Mas tinham! Devo informar que um soldado com castigos oficiais não podia vir a ser funcionário público; as empresas do Estado e as grandes empresas privadas seguiam a mesma via. Por outro lado, não há nada mais eficiente que o castigo no momento. Que sentido faz um castigo aplicado anos depois de se ter cometido a infração?!

De acordo com a minha proposta, o caso ficou sanado.
Tivemos um caso de um furriel que tendo sido punido na Guiné, quando chegou à sua terra já não tinha o lugar que antes ocupara na Repartição de Finanças local..

Uns dias mais tarde chegámos a Binta; o perímetro do aquartelamento, para efeito de defesa do mesmo, foi dividido pelos três grupos de combate; cada pelotão devia preparar a defesa da sua zona abrindo valas, construindo abrigos, postos de vigia; sempre que um pelotão não ia para o mato, tratava da defesa da sua zona; Cada secção abria uma determinada extensão de vala para “homem de pé”; concluída a tarefa os soldados refrescavam-se no rio de águas turvas e salgadas e ainda sobraria tempo para escrever carta à garota, antes do almoço.

O Lua “ditava logo as suas leis” aos companheiros de secção impondo como a vala devia ou não devia ser aberta. Os ouros soldados sentavam-se e apenas comentavam:
- O Lua é que sabe! Ele é que tem os livros!

Então era vê-lo a trabalhar (quase sozinho) por três ou quatro, mas resmungando sempre:
- Pensam que são doutores! O dinheiro não cai do céu aos trambolhões! Nunca serão nada na vida! Hão de ter um bonito enterro!

Os companheiros descobriram em pouco tempo como evitar sarilhos; se alguém contrariasse o Lua… haveria briga pela certa. Um dia no refeitório que construímos em Binta, travou-se de razões com o soldado Castro, de outro pelotão, por causa de um bocado de pudim; O Castro encheu a mão com pudim e “afinfou-lhe” uma sonora bofetada na cara que ficou argamassada com o pudim.
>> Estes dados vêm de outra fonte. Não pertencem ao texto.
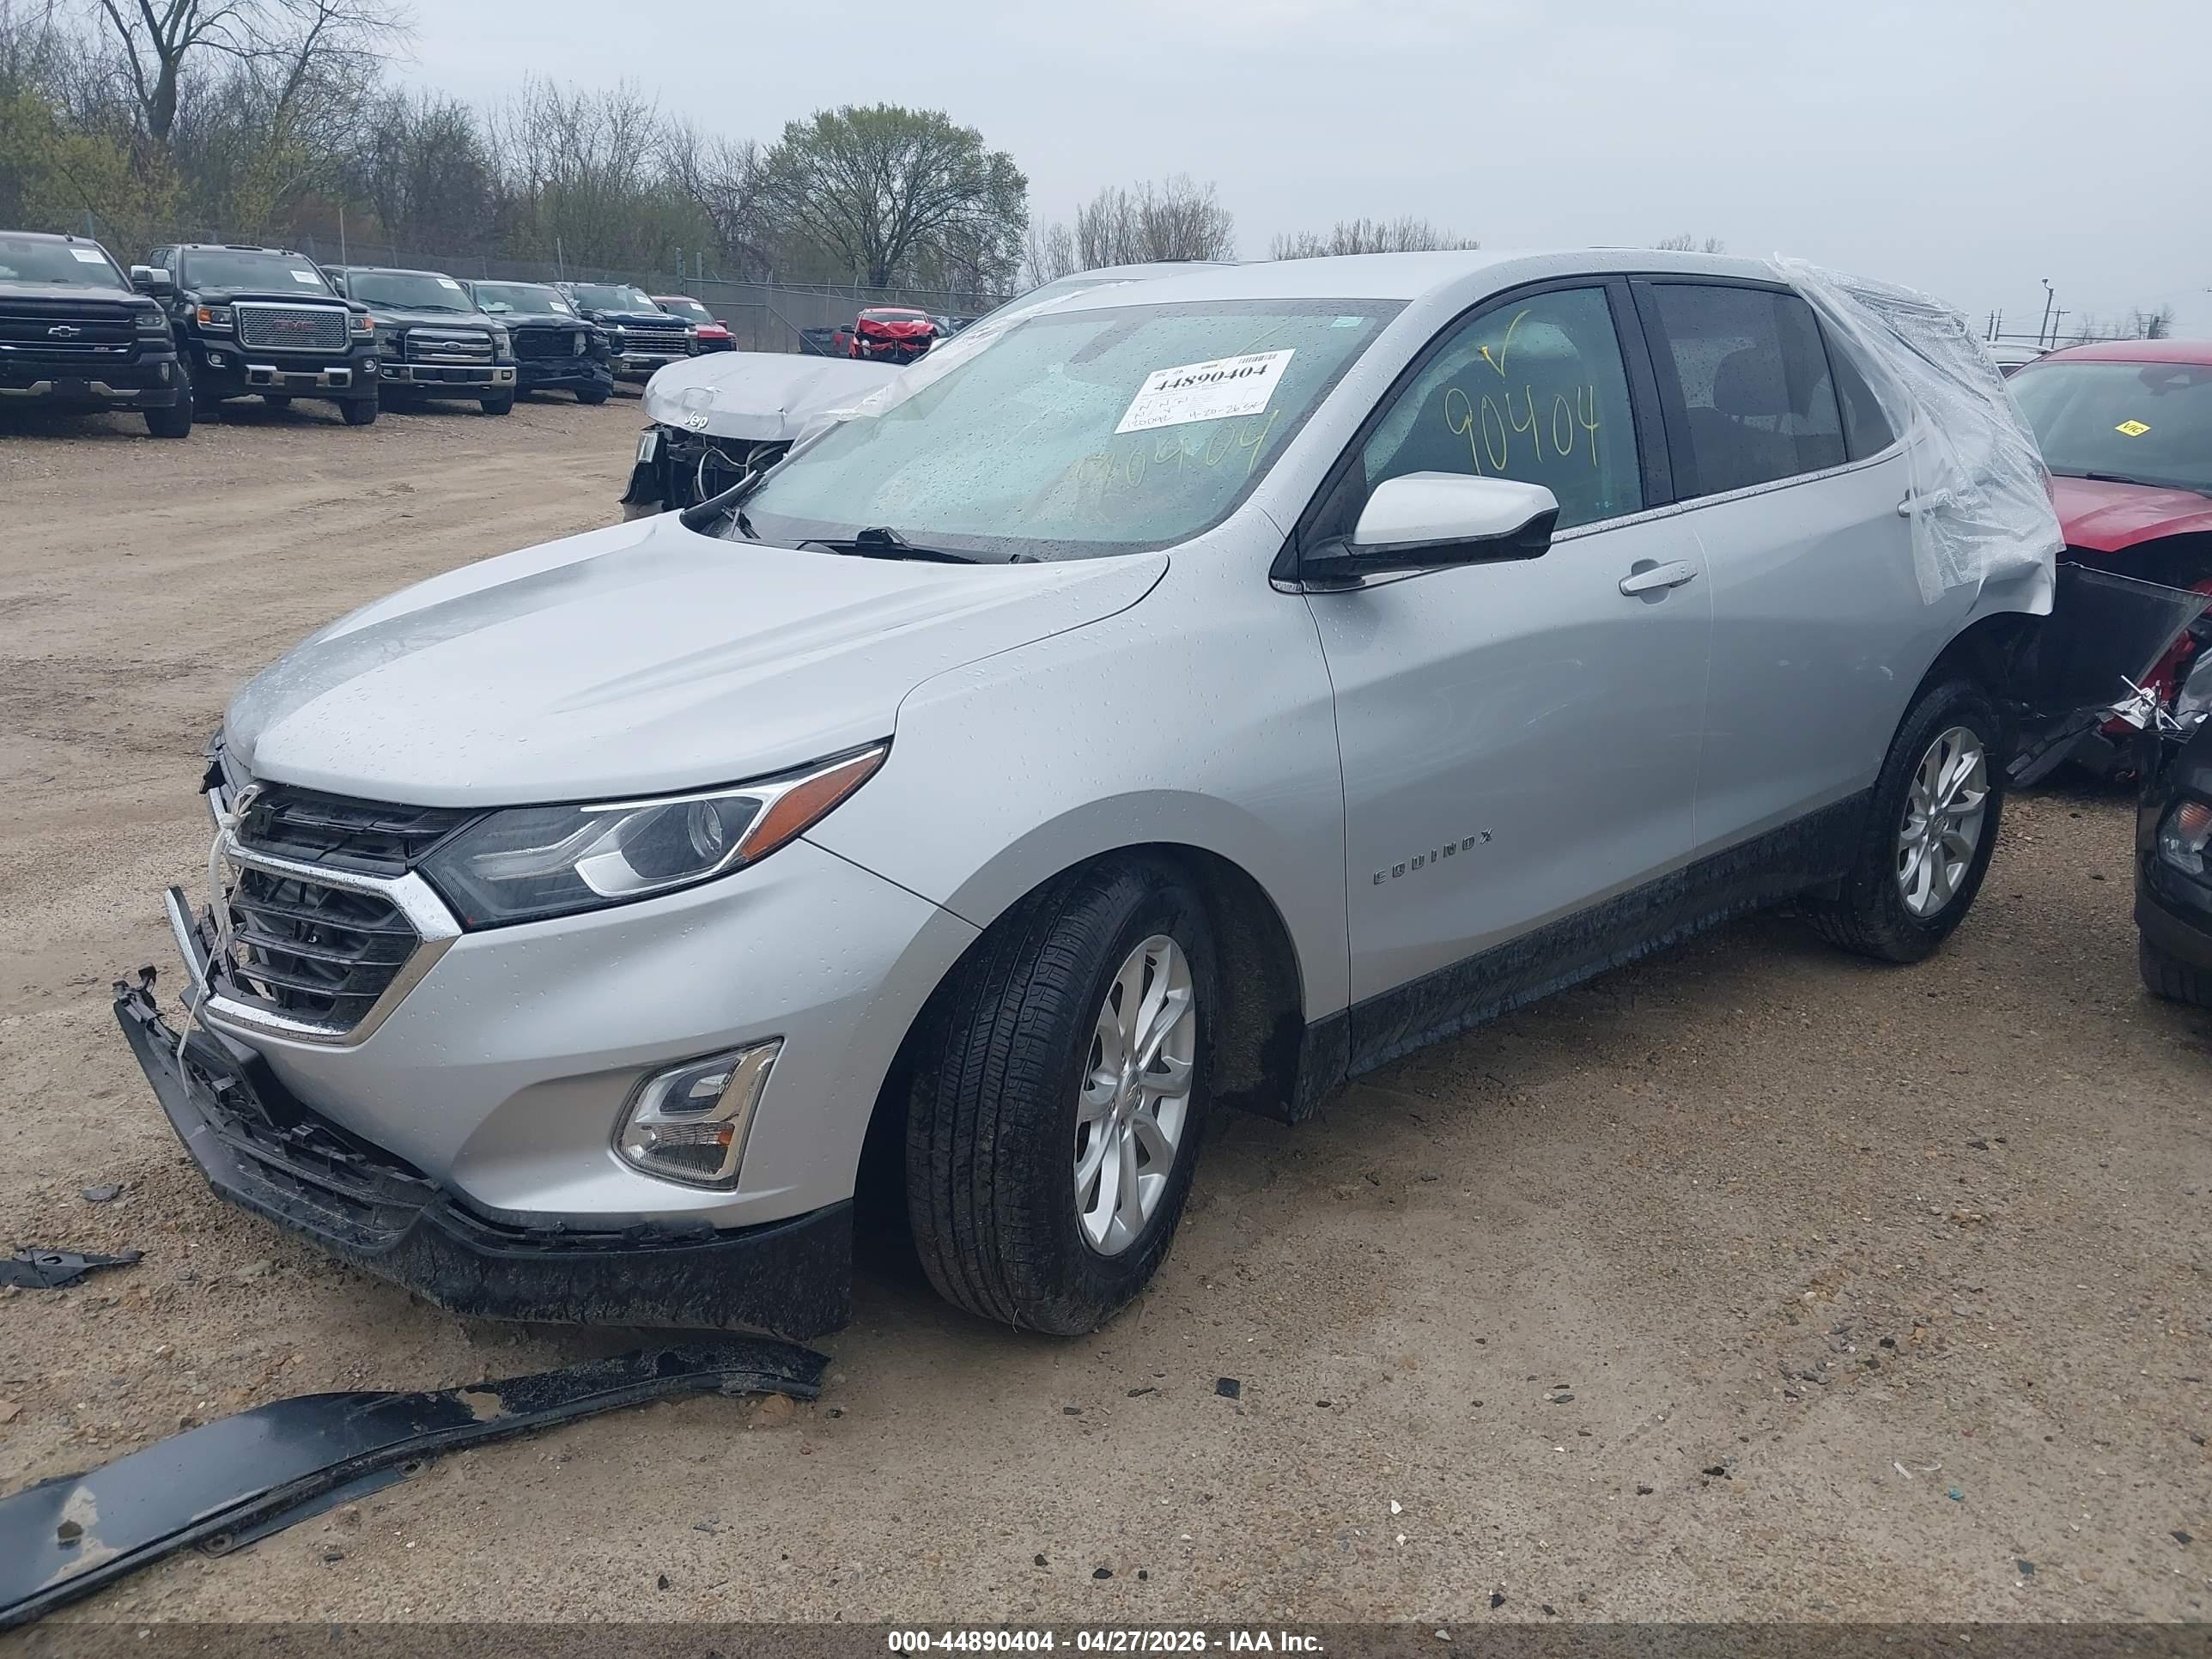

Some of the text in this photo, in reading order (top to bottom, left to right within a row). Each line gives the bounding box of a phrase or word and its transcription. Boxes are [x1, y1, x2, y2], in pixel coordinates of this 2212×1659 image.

[273, 320, 317, 331] GMC
[1154, 364, 1267, 392] 44890404
[1444, 385, 1600, 476] 90404
[1373, 827, 1493, 885] EQUINOX
O Lua foi lavar a cara imediatamente… refrescou as ideias. Não houve contenda… porque o Castro era um grande matulão… abrutalhado até… e um poço de força.

No dia 4 de Julho de 1964, no regresso de Lenquetó, o nosso batismo de fogo, 2 grupos de combate foram emboscados e tivemos logo 2 feridos graves; veio o heli mas não podia aterrar devido ao fogo inimígo. Estávamos cercados. No meio de uma confussão infernal o Lua rastejou até junto do enfermeiro, o nosso JERO, com o fim de pedir um comprimido para as dores de cabeça. Não haveria comprimidos suficientes para todos! Seríamos uns oitenta com intensas dores de cabeça. O JERO lá conseguiu, não sei como convencê-lo a voltar ao seu posto. Depois de evacuados os feridos e com apoio de dois “T6” mandámos as dores de cabeça… às malvas e, debaixo de fogo farto, abandonámos corajosamente aquele local, provocando numerosas baixas ao inímigo.
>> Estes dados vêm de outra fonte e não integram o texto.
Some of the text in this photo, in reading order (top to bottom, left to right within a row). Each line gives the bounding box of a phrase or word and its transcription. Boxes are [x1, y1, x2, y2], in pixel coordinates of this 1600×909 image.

Desde 1967, o Lua foi um frequentador assíduo das nossas confraternizações anuais; de início, cada ano trazia mais um filho. Era um dos indefectíveis. Regra geral não lhe cobrávamos os almoços dado que vivia com certas dificuldades. Quando os filhos se tornaram adultos… passaram a pagar, pois todos trabalhavam para o mesmo monte. Há cinco anos reunimos em Campo Maior, nas instalações da Delta. Como sempre o Lua estava lá! Na hora de pagar anunciou que ia ao multibanco; foi… e não voltou! Por descargo de consciência informei o capitão do sucedido que logo sentenciou:
- No próximo ano, se ele comparecer, não come sem pagar os dois almoços!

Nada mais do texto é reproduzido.